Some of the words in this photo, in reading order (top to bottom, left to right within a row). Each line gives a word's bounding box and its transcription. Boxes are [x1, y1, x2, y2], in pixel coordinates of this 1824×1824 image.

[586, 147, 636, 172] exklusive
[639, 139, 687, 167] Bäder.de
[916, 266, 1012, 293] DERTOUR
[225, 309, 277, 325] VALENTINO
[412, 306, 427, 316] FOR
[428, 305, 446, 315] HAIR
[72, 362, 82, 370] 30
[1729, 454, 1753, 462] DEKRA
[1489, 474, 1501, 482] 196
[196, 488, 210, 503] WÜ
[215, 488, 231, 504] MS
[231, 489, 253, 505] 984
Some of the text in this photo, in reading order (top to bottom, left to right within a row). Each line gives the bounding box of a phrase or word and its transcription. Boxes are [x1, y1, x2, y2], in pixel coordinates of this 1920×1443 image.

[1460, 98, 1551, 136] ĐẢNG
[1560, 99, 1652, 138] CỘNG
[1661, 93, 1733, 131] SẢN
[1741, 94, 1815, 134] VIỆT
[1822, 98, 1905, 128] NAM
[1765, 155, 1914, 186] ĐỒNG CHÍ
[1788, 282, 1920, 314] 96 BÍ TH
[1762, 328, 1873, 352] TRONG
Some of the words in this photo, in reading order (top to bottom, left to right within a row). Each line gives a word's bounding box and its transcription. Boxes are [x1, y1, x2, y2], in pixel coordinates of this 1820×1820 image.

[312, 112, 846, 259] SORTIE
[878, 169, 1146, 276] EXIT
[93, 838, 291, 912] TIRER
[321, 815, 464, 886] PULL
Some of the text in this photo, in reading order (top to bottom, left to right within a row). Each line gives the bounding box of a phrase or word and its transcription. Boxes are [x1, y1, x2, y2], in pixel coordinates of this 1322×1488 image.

──────────────────────────────

• YOUR TASK
Could you copy every record above exactly as it stands?

• EXERCISE OUTPUT
Some of the words in this photo, in reading order (top to bottom, left to right within a row). Each line gives a word's bounding box and its transcription. Boxes are [x1, y1, x2, y2], in pixel coordinates of this 1824×1824 image.

[586, 147, 636, 172] exklusive
[639, 139, 687, 167] Bäder.de
[916, 266, 1012, 293] DERTOUR
[225, 309, 277, 325] VALENTINO
[412, 306, 427, 316] FOR
[428, 305, 446, 315] HAIR
[72, 362, 82, 370] 30
[1729, 454, 1753, 462] DEKRA
[1489, 474, 1501, 482] 196
[196, 488, 210, 503] WÜ
[215, 488, 231, 504] MS
[231, 489, 253, 505] 984
Some of the text in this photo, in reading order (top to bottom, left to right within a row). Each line gives the bounding box of a phrase or word and its transcription. Boxes are [x1, y1, x2, y2], in pixel coordinates of this 1920×1443 image.

[1460, 98, 1551, 136] ĐẢNG
[1560, 99, 1652, 138] CỘNG
[1661, 93, 1733, 131] SẢN
[1741, 94, 1815, 134] VIỆT
[1822, 98, 1905, 128] NAM
[1765, 155, 1914, 186] ĐỒNG CHÍ
[1788, 282, 1920, 314] 96 BÍ TH
[1762, 328, 1873, 352] TRONG
Some of the words in this photo, in reading order (top to bottom, left to right within a row). Each line gives a word's bounding box and its transcription. Boxes are [x1, y1, x2, y2], in pixel coordinates of this 1820×1820 image.

[312, 112, 846, 259] SORTIE
[878, 169, 1146, 276] EXIT
[93, 838, 291, 912] TIRER
[321, 815, 464, 886] PULL
Some of the text in this photo, in reading order (top to bottom, left to right within a row). Each line gives the bounding box of a phrase or word and its transcription. Boxes are [x1, y1, x2, y2], in pixel coordinates of this 1322×1488 image.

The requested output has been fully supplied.